Supplied information:
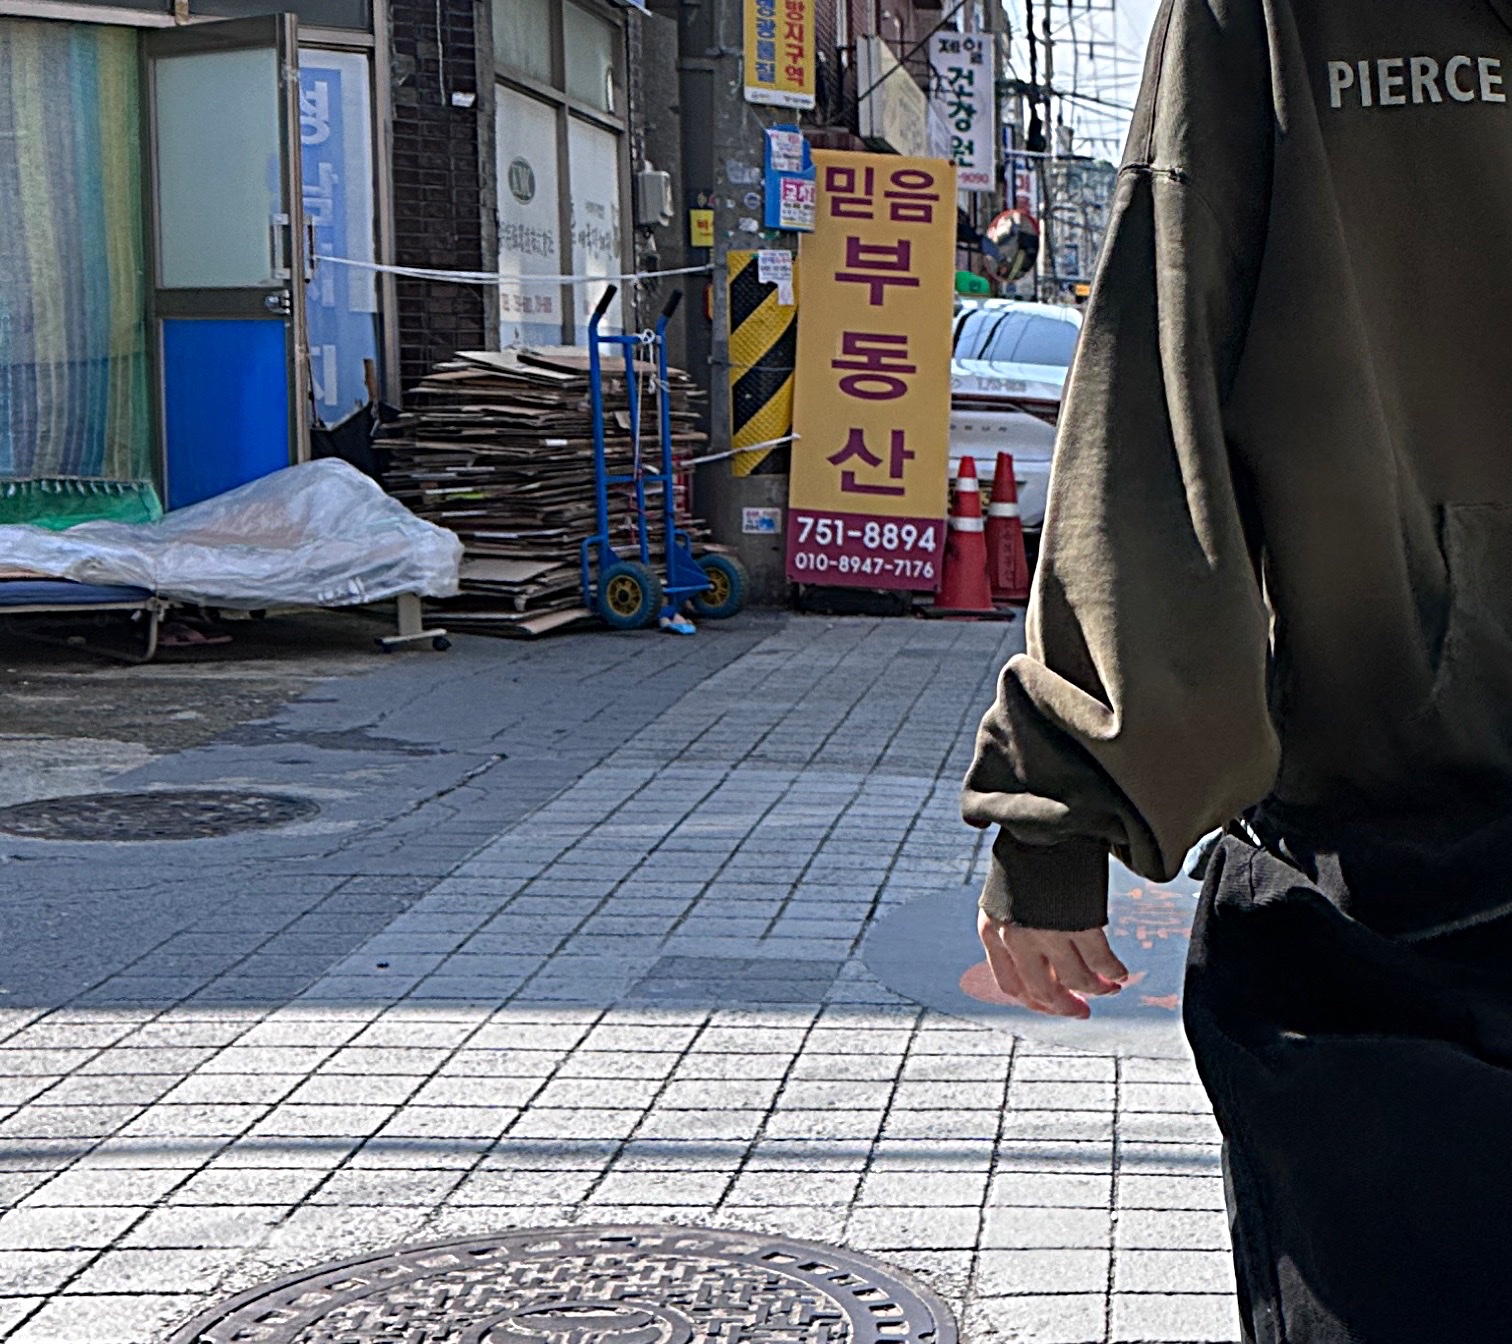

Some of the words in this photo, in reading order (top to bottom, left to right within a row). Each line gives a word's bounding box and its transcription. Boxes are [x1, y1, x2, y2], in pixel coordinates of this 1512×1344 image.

[938, 37, 983, 65] 제일
[1328, 56, 1505, 108] PIERCE
[826, 167, 940, 225] 믿음
[827, 237, 920, 497] 부동산
[797, 518, 935, 552] 751-8894
[795, 551, 934, 580] 010-8947-7176
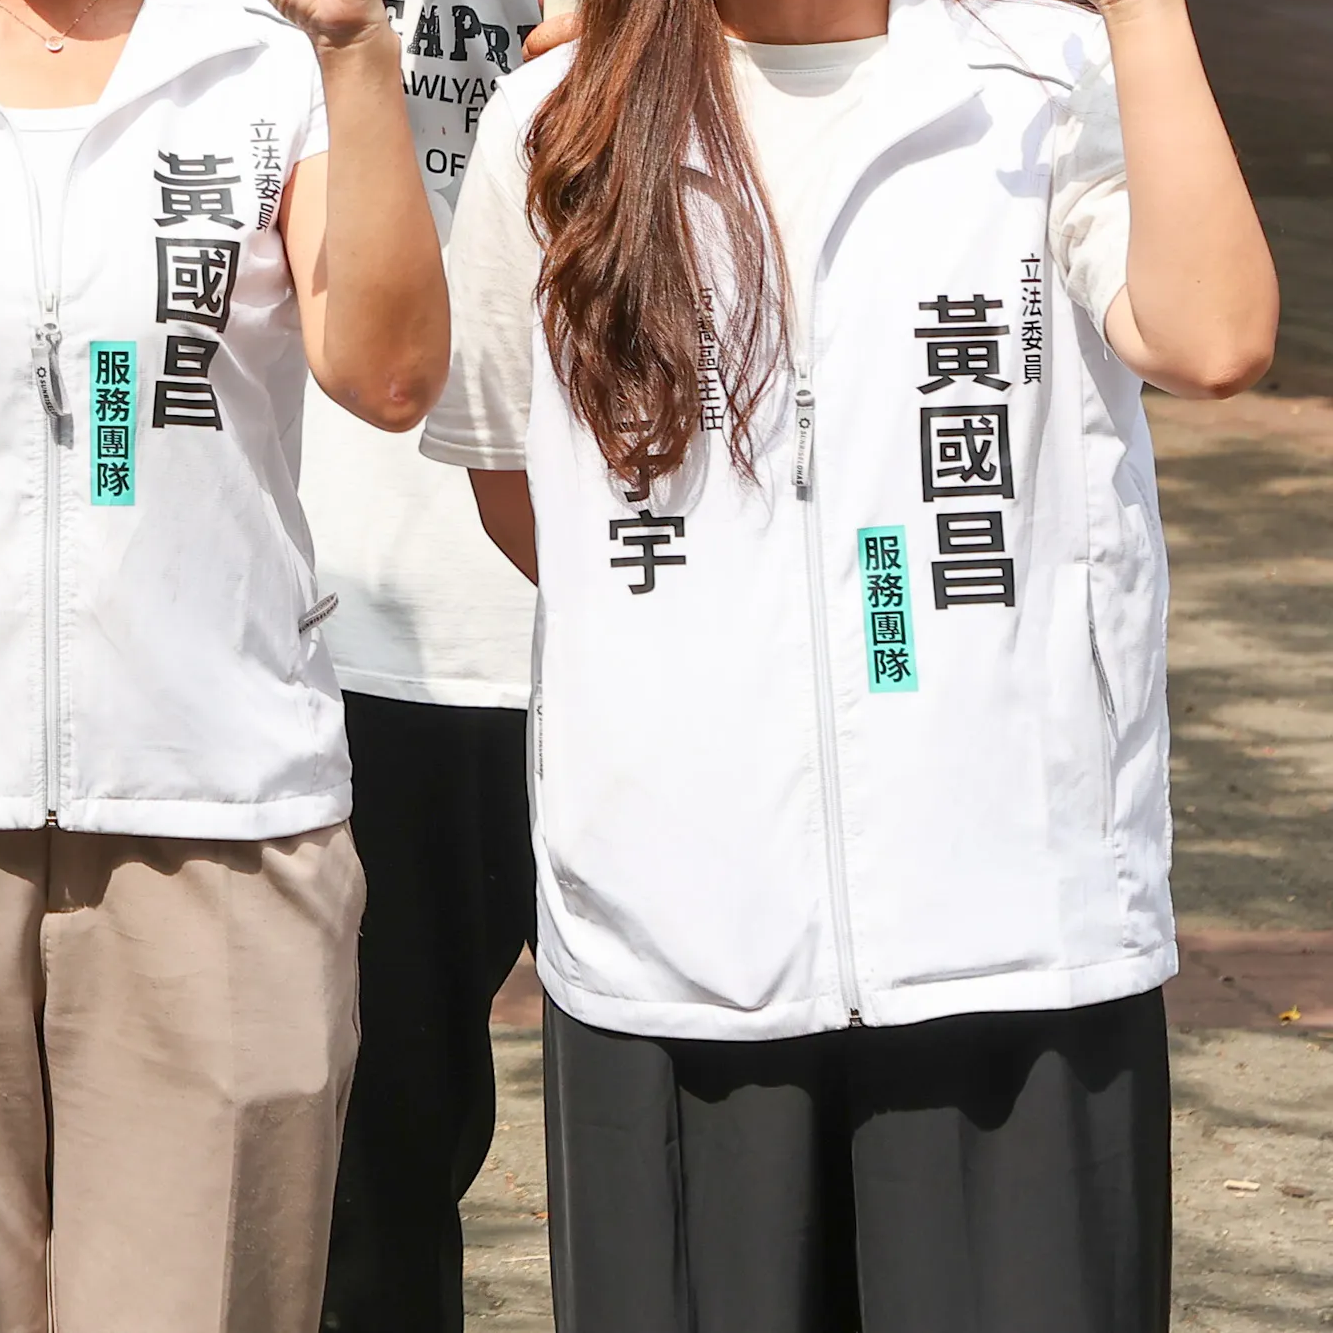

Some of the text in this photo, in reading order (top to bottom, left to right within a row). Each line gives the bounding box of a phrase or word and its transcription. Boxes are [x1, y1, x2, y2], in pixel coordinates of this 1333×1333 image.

[250, 119, 282, 233] 立法委員
[152, 149, 245, 431] 黃國昌
[1020, 253, 1043, 386] 立法委員
[95, 350, 130, 497] 服務團隊
[914, 293, 1016, 610] 黃國昌
[864, 535, 912, 684] 服務團隊
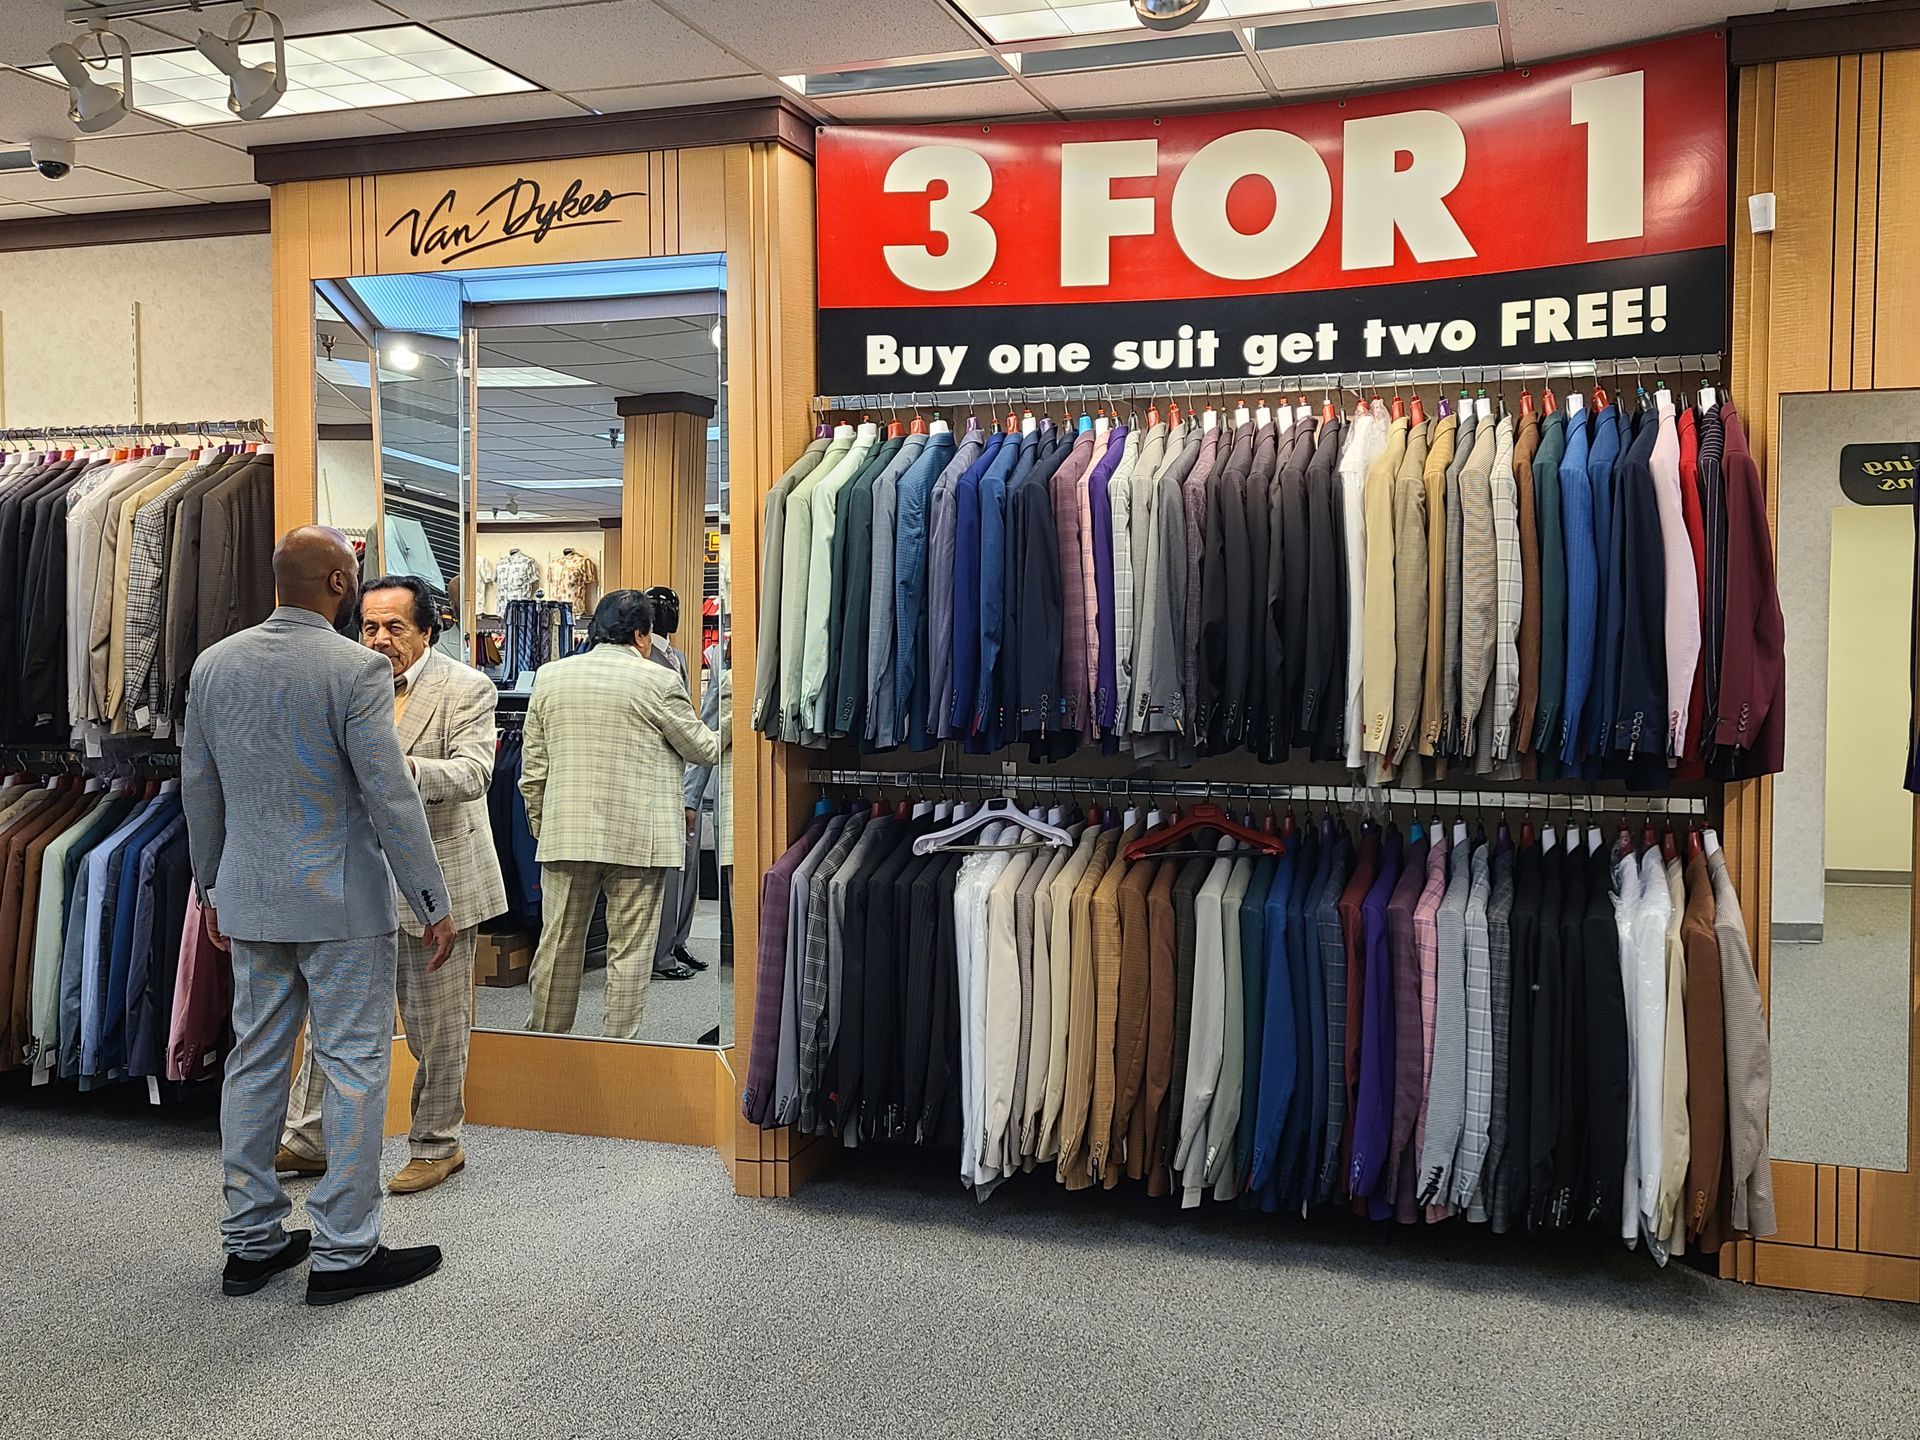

Task instructions: Each line of the listing above belongs in the answer exactly as written; the pictures do not.

Task output:
Some of the words in this photo, in reading order (top to bottom, left to right within a row). Each line gives a word's bounding box and its transcription. Boxes are [x1, y1, x2, y2], in pixel coordinates of this 1512×1344 image.

[938, 37, 983, 65] 제일
[1328, 56, 1505, 108] PIERCE
[826, 167, 940, 225] 믿음
[827, 237, 920, 497] 부동산
[797, 518, 935, 552] 751-8894
[795, 551, 934, 580] 010-8947-7176

Some of the text in this photo, in reading order (top to bottom, left to right within a row). Each line gives the bounding box of a phrase or word and its transcription. Boxes are [x1, y1, x2, y2], in pixel coordinates of this 1333×1333 image.

[250, 119, 282, 233] 立法委員
[152, 149, 245, 431] 黃國昌
[1020, 253, 1043, 386] 立法委員
[95, 350, 130, 497] 服務團隊
[914, 293, 1016, 610] 黃國昌
[864, 535, 912, 684] 服務團隊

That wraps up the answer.